Additionally, her visual field defect was not one most commonly seen with NAION. Although not the classical presentation of NAION, her marked disc edema, painless vision loss, relatively good visual acuity, mild visual field defect and normal imaging/work-up made it the most likely diagnosis. 


Although no universally accepted treatment for NAION exists, a thorough work-up is necessary to identify any underlying causes and ensure those issues are managed appropriately. It is also of the utmost importance to rule out AION, optic neuritis and other etiologies, as they each require a much different treatment.

1. Berry S, Lin WV, Sadaka A, Lee AG. Nonarteritic anterior ischemic optic neuropathy: cause, effect and management Eye Brain. 2017;9:23-8.

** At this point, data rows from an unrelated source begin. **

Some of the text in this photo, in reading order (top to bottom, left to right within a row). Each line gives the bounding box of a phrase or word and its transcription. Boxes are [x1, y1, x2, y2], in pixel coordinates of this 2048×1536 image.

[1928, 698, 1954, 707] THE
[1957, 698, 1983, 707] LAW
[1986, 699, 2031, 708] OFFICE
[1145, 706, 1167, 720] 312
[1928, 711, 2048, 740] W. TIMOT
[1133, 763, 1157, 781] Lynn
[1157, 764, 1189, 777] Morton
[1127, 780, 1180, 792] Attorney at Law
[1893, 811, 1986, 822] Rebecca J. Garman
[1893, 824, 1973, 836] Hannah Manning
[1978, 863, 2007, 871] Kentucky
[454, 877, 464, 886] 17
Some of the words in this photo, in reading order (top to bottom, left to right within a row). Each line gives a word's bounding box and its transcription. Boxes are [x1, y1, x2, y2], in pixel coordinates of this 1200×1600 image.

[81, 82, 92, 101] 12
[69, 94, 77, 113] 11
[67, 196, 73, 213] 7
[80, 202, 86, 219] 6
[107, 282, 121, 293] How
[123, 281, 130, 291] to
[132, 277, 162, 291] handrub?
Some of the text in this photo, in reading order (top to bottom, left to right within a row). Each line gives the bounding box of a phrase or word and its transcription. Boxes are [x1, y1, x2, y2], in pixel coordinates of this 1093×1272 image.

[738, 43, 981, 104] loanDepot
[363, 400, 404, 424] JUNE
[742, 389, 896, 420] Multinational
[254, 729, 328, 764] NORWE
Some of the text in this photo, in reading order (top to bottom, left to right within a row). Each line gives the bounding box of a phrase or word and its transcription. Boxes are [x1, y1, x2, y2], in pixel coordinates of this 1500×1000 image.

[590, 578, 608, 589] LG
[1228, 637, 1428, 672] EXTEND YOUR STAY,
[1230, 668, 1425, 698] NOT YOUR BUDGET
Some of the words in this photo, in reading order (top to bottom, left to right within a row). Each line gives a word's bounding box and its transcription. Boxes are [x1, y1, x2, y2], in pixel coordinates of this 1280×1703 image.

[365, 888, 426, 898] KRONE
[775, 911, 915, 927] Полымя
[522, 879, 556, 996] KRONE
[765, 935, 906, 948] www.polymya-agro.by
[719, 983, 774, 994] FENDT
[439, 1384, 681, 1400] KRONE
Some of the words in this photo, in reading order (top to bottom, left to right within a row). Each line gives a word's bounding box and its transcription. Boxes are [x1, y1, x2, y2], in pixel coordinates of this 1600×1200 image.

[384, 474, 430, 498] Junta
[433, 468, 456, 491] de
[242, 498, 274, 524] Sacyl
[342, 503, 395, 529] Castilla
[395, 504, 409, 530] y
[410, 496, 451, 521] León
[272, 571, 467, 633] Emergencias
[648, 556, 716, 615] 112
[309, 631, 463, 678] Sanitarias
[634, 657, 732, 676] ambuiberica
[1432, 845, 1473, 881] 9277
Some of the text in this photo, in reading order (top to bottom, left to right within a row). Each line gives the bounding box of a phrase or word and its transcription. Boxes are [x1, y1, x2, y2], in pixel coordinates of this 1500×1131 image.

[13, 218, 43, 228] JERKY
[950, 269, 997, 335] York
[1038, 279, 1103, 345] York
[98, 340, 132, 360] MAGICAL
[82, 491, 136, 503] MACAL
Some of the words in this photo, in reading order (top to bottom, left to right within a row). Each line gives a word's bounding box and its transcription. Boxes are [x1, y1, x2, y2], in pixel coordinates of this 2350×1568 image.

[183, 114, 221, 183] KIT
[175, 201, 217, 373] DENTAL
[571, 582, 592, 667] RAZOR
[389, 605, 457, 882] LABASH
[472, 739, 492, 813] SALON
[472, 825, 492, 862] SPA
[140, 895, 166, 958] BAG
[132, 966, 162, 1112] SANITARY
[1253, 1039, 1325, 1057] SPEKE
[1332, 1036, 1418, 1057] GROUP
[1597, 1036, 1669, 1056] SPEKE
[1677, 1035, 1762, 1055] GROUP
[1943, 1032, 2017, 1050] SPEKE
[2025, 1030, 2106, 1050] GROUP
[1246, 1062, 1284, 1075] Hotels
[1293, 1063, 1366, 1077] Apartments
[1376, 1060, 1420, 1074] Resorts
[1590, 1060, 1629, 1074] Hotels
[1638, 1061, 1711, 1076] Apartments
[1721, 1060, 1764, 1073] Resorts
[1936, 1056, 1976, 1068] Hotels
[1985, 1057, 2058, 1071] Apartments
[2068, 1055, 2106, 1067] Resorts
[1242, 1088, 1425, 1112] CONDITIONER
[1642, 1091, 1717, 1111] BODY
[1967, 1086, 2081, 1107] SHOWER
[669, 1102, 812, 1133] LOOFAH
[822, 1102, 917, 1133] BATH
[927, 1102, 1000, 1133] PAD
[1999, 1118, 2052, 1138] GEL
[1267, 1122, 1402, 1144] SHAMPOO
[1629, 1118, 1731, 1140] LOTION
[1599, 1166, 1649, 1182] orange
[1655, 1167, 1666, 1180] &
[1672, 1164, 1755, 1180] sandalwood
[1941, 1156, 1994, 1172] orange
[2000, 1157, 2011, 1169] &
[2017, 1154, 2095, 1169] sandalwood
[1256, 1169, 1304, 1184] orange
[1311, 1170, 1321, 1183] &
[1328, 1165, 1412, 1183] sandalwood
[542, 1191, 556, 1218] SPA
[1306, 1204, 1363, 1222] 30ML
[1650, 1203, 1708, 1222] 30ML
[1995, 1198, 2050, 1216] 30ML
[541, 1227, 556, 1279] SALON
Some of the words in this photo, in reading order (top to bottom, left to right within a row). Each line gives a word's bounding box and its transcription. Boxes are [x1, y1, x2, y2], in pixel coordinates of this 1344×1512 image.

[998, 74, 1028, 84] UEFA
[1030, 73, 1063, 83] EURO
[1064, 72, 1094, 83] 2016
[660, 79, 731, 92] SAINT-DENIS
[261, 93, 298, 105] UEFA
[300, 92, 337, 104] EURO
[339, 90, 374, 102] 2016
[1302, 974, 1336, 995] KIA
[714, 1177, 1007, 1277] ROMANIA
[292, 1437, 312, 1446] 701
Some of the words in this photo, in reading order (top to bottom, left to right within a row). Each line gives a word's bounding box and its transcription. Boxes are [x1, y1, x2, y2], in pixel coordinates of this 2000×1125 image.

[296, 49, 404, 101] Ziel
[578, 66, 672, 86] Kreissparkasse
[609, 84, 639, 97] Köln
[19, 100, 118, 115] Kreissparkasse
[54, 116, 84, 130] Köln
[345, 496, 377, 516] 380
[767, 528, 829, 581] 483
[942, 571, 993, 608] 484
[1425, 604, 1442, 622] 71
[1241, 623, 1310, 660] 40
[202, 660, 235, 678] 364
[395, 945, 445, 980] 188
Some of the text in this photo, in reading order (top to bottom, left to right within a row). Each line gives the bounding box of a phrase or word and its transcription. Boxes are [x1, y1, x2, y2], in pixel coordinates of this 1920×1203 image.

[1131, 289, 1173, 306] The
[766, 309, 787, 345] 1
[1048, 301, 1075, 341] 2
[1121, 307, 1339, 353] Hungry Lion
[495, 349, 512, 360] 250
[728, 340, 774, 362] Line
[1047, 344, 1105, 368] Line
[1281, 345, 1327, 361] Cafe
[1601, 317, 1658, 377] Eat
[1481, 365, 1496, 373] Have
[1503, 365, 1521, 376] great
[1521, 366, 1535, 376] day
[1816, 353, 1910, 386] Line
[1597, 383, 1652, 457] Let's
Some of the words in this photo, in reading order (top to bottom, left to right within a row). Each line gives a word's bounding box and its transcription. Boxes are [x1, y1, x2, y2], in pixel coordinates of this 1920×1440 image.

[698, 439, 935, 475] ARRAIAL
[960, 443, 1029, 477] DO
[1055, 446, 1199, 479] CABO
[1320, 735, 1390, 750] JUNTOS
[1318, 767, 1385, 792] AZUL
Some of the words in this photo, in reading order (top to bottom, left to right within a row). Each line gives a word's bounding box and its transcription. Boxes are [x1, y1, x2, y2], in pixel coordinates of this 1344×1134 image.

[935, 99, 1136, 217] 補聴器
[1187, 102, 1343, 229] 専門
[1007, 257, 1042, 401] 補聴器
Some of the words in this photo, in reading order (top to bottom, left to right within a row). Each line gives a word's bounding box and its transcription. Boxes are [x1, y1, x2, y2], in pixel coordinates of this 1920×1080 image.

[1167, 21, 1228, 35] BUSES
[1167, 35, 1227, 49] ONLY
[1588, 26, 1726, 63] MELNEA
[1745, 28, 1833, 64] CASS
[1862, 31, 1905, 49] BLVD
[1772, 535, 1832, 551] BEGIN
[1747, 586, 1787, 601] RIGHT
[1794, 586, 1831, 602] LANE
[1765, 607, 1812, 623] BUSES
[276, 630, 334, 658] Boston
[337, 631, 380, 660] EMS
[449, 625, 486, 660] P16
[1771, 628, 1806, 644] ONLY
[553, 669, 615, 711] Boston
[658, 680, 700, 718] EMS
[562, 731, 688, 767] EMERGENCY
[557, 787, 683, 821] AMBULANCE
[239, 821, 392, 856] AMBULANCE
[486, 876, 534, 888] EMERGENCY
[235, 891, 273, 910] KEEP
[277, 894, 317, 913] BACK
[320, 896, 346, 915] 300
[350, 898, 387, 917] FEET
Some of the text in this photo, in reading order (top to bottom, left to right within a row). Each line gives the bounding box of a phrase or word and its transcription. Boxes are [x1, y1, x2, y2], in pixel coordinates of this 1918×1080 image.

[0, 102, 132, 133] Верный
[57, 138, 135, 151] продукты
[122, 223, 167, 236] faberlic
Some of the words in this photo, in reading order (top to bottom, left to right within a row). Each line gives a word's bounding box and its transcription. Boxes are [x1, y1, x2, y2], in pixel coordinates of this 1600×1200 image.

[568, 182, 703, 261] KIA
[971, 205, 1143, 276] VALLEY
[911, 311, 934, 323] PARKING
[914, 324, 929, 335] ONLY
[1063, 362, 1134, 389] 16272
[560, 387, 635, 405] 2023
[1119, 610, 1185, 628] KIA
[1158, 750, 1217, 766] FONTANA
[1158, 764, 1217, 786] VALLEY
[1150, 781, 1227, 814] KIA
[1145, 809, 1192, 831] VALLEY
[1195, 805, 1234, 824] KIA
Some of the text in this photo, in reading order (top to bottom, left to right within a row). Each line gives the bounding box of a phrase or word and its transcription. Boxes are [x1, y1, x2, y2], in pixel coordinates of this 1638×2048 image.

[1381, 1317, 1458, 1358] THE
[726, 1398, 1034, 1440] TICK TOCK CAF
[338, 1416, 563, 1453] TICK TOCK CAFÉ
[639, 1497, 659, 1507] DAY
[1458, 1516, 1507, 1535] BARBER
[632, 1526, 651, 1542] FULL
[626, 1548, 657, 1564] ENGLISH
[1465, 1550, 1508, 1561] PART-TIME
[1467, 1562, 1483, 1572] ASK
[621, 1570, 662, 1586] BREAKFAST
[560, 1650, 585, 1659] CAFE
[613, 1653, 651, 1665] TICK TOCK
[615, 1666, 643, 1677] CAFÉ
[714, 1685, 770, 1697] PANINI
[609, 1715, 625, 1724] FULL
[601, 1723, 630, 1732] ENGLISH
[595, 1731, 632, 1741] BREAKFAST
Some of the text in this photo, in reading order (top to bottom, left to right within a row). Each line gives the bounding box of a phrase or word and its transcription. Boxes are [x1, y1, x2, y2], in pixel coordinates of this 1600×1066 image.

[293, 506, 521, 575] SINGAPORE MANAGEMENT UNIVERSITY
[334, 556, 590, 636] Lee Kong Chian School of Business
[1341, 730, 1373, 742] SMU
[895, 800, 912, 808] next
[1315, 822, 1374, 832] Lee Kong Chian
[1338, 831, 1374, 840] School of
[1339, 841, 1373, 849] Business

2. Atkins EJ, Bruce BB, Newman NJ, Biousse V. Treatment of nonarteritic anterior ischemic optic neuropathy. Surv Ophthalmol. 2010 55(1):47-63.

3. Hayreh SS, Zimmerman B. Visual field abnormalities in nonarteritic anterior ischemic optic neuropathy: their pattern and prevalence at initial examination. Arch Ophthalmol. 2005;123(11):1554-62.

4. Wilhelm H, Schabet M. The diagnosis and treatment of optic neuritis. Dtsch Arztebl Int. 2015;112(37):616-26.

5. Hayreh SS, Zimmerman MB. Non-arteritic anterior ischemic optic neuropathy: role of systemic corticosteroid therapy. Graefes Arch Clin Exp Ophthalmol. 2008;246(7):1029-46.